The final result shows the great emissions that come from several bandpasses of the spectrum. I’ve chosen the well known Hα, [OIII] and [SII] filters to gather enough data to show a coploured image. A variation of the well known Hubble palette has been used to map the colors as it follows: sulfur data to the red, hydrogen data to the green and oxygen data to the blue. I added some hydrogen data in the red and blue channels, and also some oxygen data in the green channel.

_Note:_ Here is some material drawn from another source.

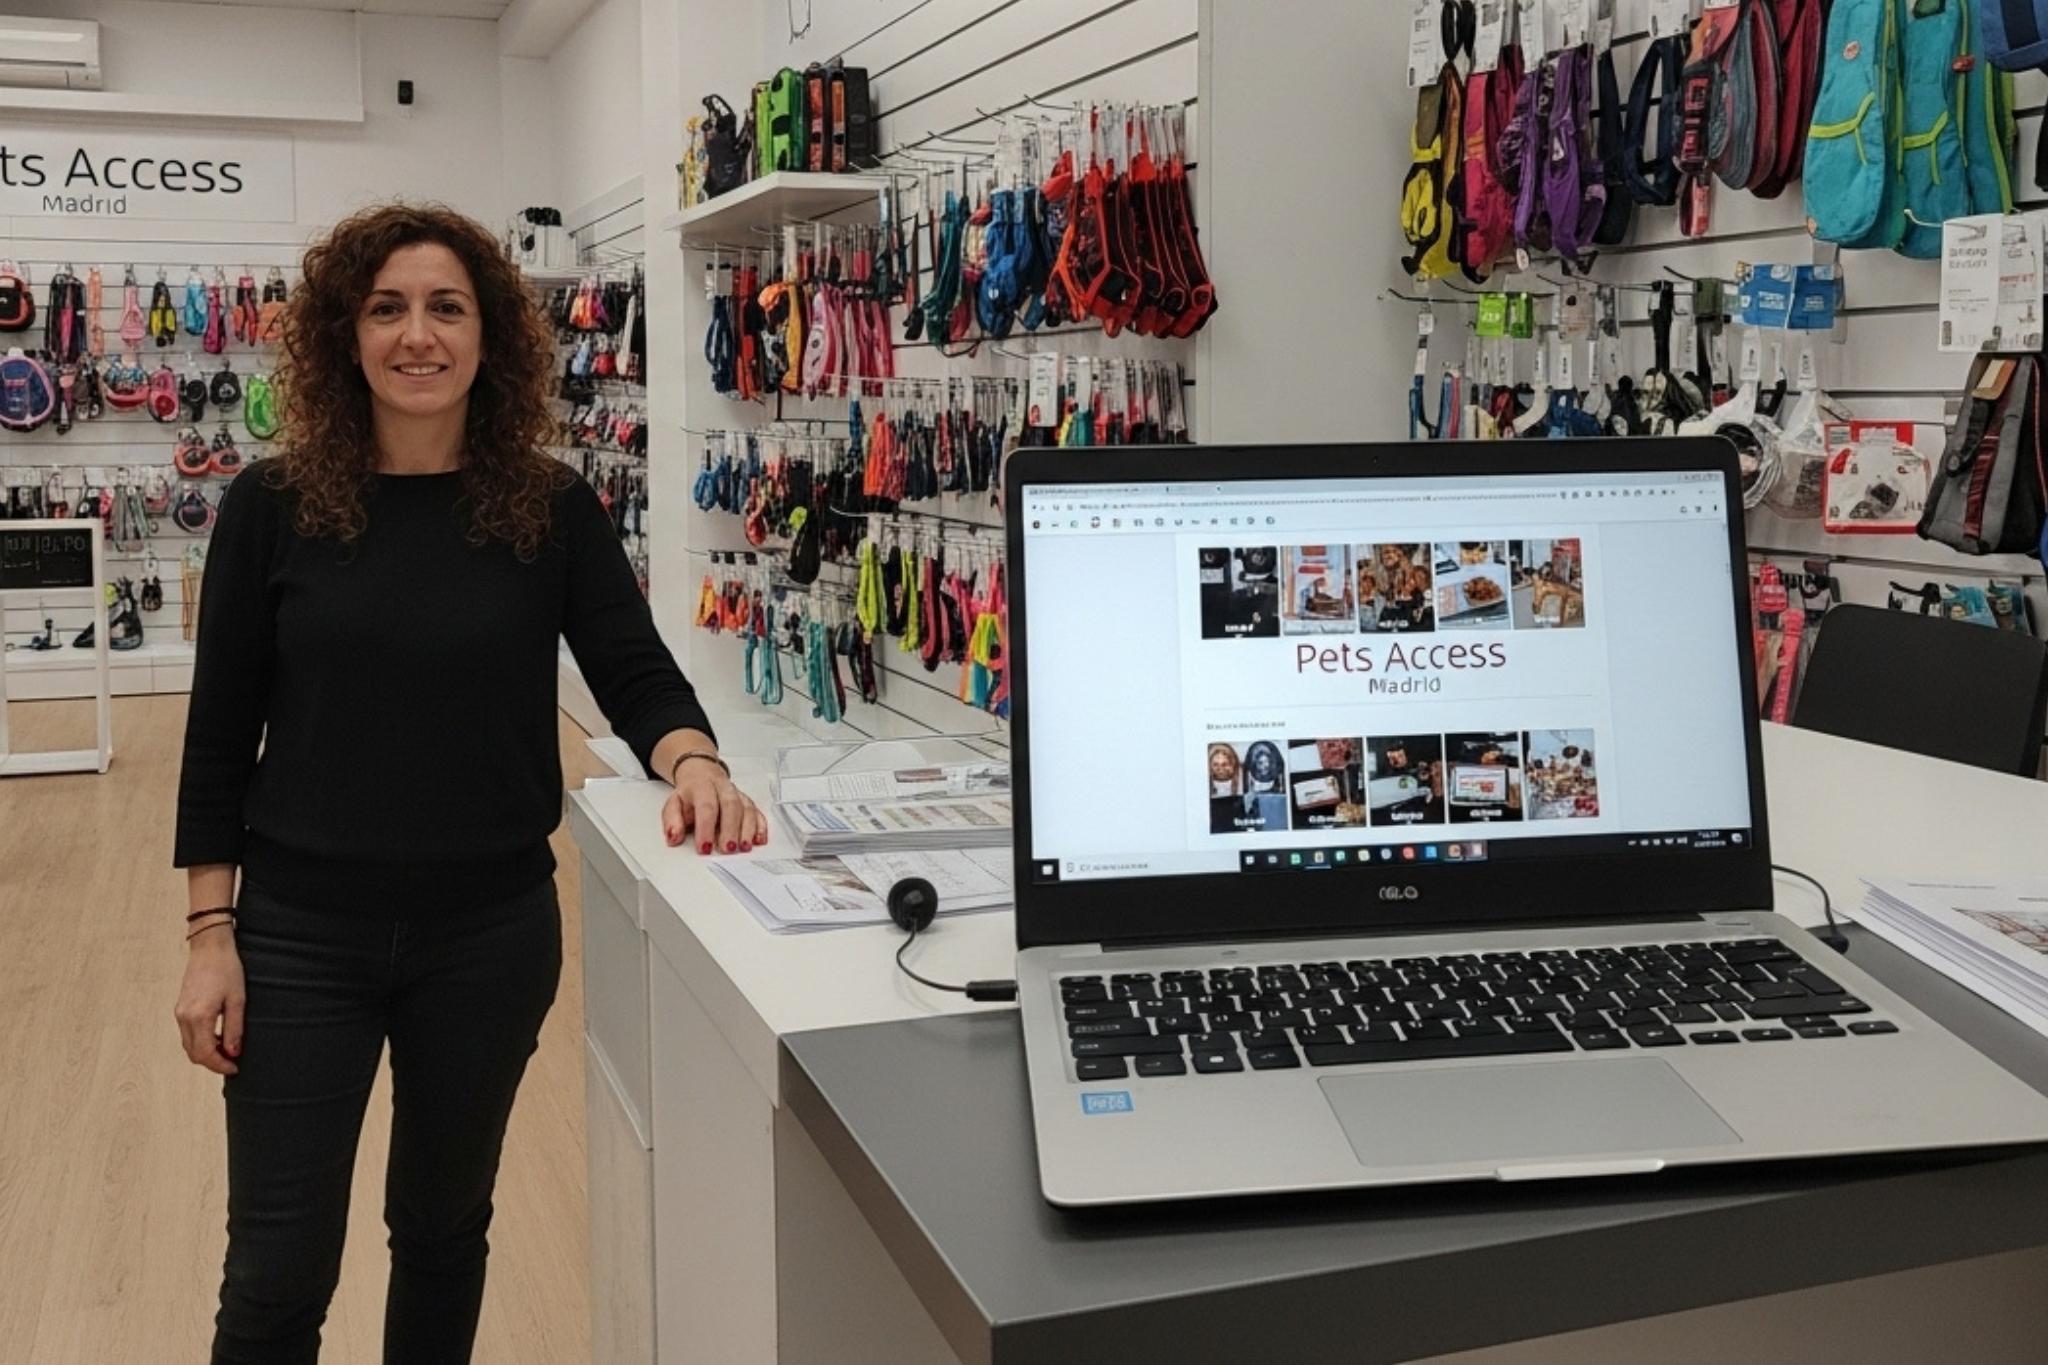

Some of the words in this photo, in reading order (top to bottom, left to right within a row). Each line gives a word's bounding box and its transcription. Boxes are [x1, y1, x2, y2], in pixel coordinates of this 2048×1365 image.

I  decided to use this combination in order to highlight all the emissions that come from this vast region trying to give it a more natural taste.
“From The Cygnus Wall to the Black Hole Cygnus X-1”
This project image aims to show very different astronomical objects in one single image.: from the amazing star forming regions on IC 5070 (The Pelican Nebula)  and NGC 7000 (North America Nebula), such as The Cygnus Wall, a cosmic ridge that spans about 20 light-years, to the very first black hole ever detected, the Cygnus X-1. Along the diagonal of the field, a blue-white supergiant first magnitude star, Deneb, the Alpha Cygni, and also Sadr, a multiple star system located in the Northern’s Cross intersection. Around this star we find The Gamma Cygni Nebula, shown with nice detail thanks to the high resolution data from the FSQ85. The two other highlights of this wide field image are The Crescent, NGC 6888, and the Soap, PN G75.5+1.7, Nebulae, a faint planetary nebula recently discovered by an amateur astronomer. The Tulip Nebula, Sh2-101, closes the magic line with the Cygnus X-1 black hole at the very bottom of the image.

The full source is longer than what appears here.